▸ TASK PROMPT
Could you retype the listing beneath, keeping each line exactly as it is?

▸ INFORMATION SUPPLIED
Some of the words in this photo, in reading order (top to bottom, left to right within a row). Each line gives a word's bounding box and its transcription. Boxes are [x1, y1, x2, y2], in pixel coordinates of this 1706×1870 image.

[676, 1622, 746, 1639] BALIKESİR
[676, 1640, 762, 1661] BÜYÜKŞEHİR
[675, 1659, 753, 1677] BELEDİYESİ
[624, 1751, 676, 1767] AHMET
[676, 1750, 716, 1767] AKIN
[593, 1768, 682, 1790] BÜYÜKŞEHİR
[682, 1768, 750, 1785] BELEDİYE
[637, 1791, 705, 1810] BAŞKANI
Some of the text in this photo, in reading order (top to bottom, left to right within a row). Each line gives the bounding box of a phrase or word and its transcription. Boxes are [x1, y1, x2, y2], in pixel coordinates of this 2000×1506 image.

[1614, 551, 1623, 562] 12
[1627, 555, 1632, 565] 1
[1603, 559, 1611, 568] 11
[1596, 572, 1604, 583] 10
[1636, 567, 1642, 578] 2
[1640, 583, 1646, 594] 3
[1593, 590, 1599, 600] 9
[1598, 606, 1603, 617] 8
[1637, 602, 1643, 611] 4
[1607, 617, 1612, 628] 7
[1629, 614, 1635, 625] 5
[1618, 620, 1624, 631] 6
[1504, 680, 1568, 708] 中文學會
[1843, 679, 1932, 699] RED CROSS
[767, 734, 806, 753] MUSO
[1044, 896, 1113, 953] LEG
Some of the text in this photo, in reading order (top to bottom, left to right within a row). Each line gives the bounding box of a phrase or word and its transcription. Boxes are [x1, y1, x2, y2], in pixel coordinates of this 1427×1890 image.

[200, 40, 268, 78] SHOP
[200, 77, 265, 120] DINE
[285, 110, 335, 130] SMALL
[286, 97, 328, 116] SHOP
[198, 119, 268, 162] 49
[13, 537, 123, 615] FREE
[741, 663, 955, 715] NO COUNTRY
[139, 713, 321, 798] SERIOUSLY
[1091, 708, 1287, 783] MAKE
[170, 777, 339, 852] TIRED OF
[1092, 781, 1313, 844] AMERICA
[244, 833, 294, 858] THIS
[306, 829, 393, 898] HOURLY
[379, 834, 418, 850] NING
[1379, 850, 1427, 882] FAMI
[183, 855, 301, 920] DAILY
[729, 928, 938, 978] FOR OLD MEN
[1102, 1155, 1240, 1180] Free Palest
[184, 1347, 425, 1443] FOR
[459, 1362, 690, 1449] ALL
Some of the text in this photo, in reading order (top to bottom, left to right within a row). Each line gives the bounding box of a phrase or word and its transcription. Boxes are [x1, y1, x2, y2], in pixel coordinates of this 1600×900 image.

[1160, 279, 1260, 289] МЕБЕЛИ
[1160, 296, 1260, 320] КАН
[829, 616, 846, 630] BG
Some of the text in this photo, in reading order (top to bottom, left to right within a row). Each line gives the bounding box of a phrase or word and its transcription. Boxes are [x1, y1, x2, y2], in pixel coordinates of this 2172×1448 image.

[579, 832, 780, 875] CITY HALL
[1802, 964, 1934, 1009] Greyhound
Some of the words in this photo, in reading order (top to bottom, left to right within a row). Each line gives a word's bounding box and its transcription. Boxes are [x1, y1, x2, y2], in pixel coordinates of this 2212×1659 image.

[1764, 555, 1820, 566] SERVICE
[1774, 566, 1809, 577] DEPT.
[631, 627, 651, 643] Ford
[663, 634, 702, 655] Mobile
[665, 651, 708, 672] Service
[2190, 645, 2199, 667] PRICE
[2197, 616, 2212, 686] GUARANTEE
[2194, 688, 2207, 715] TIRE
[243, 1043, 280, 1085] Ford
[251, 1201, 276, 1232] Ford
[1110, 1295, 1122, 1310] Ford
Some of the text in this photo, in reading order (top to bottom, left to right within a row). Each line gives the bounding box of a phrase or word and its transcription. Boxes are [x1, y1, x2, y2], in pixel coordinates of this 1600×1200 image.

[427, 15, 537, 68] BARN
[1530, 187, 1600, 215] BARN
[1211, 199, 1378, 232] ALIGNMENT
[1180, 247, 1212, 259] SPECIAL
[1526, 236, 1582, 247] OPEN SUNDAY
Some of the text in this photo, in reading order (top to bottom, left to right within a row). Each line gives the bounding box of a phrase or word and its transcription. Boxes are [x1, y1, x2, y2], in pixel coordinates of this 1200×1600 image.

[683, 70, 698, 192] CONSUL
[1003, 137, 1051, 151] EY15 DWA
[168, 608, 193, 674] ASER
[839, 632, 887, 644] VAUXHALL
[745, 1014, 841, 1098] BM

▸ EXPECTED ANSWER
Some of the words in this photo, in reading order (top to bottom, left to right within a row). Each line gives a word's bounding box and its transcription. Boxes are [x1, y1, x2, y2], in pixel coordinates of this 1706×1870 image.

[676, 1622, 746, 1639] BALIKESİR
[676, 1640, 762, 1661] BÜYÜKŞEHİR
[675, 1659, 753, 1677] BELEDİYESİ
[624, 1751, 676, 1767] AHMET
[676, 1750, 716, 1767] AKIN
[593, 1768, 682, 1790] BÜYÜKŞEHİR
[682, 1768, 750, 1785] BELEDİYE
[637, 1791, 705, 1810] BAŞKANI
Some of the text in this photo, in reading order (top to bottom, left to right within a row). Each line gives the bounding box of a phrase or word and its transcription. Boxes are [x1, y1, x2, y2], in pixel coordinates of this 2000×1506 image.

[1614, 551, 1623, 562] 12
[1627, 555, 1632, 565] 1
[1603, 559, 1611, 568] 11
[1596, 572, 1604, 583] 10
[1636, 567, 1642, 578] 2
[1640, 583, 1646, 594] 3
[1593, 590, 1599, 600] 9
[1598, 606, 1603, 617] 8
[1637, 602, 1643, 611] 4
[1607, 617, 1612, 628] 7
[1629, 614, 1635, 625] 5
[1618, 620, 1624, 631] 6
[1504, 680, 1568, 708] 中文學會
[1843, 679, 1932, 699] RED CROSS
[767, 734, 806, 753] MUSO
[1044, 896, 1113, 953] LEG
Some of the text in this photo, in reading order (top to bottom, left to right within a row). Each line gives the bounding box of a phrase or word and its transcription. Boxes are [x1, y1, x2, y2], in pixel coordinates of this 1427×1890 image.

[200, 40, 268, 78] SHOP
[200, 77, 265, 120] DINE
[285, 110, 335, 130] SMALL
[286, 97, 328, 116] SHOP
[198, 119, 268, 162] 49
[13, 537, 123, 615] FREE
[741, 663, 955, 715] NO COUNTRY
[139, 713, 321, 798] SERIOUSLY
[1091, 708, 1287, 783] MAKE
[170, 777, 339, 852] TIRED OF
[1092, 781, 1313, 844] AMERICA
[244, 833, 294, 858] THIS
[306, 829, 393, 898] HOURLY
[379, 834, 418, 850] NING
[1379, 850, 1427, 882] FAMI
[183, 855, 301, 920] DAILY
[729, 928, 938, 978] FOR OLD MEN
[1102, 1155, 1240, 1180] Free Palest
[184, 1347, 425, 1443] FOR
[459, 1362, 690, 1449] ALL
Some of the text in this photo, in reading order (top to bottom, left to right within a row). Each line gives the bounding box of a phrase or word and its transcription. Boxes are [x1, y1, x2, y2], in pixel coordinates of this 1600×900 image.

[1160, 279, 1260, 289] МЕБЕЛИ
[1160, 296, 1260, 320] КАН
[829, 616, 846, 630] BG
Some of the text in this photo, in reading order (top to bottom, left to right within a row). Each line gives the bounding box of a phrase or word and its transcription. Boxes are [x1, y1, x2, y2], in pixel coordinates of this 2172×1448 image.

[579, 832, 780, 875] CITY HALL
[1802, 964, 1934, 1009] Greyhound
Some of the words in this photo, in reading order (top to bottom, left to right within a row). Each line gives a word's bounding box and its transcription. Boxes are [x1, y1, x2, y2], in pixel coordinates of this 2212×1659 image.

[1764, 555, 1820, 566] SERVICE
[1774, 566, 1809, 577] DEPT.
[631, 627, 651, 643] Ford
[663, 634, 702, 655] Mobile
[665, 651, 708, 672] Service
[2190, 645, 2199, 667] PRICE
[2197, 616, 2212, 686] GUARANTEE
[2194, 688, 2207, 715] TIRE
[243, 1043, 280, 1085] Ford
[251, 1201, 276, 1232] Ford
[1110, 1295, 1122, 1310] Ford
Some of the text in this photo, in reading order (top to bottom, left to right within a row). Each line gives the bounding box of a phrase or word and its transcription. Boxes are [x1, y1, x2, y2], in pixel coordinates of this 1600×1200 image.

[427, 15, 537, 68] BARN
[1530, 187, 1600, 215] BARN
[1211, 199, 1378, 232] ALIGNMENT
[1180, 247, 1212, 259] SPECIAL
[1526, 236, 1582, 247] OPEN SUNDAY
Some of the text in this photo, in reading order (top to bottom, left to right within a row). Each line gives the bounding box of a phrase or word and its transcription. Boxes are [x1, y1, x2, y2], in pixel coordinates of this 1200×1600 image.

[683, 70, 698, 192] CONSUL
[1003, 137, 1051, 151] EY15 DWA
[168, 608, 193, 674] ASER
[839, 632, 887, 644] VAUXHALL
[745, 1014, 841, 1098] BM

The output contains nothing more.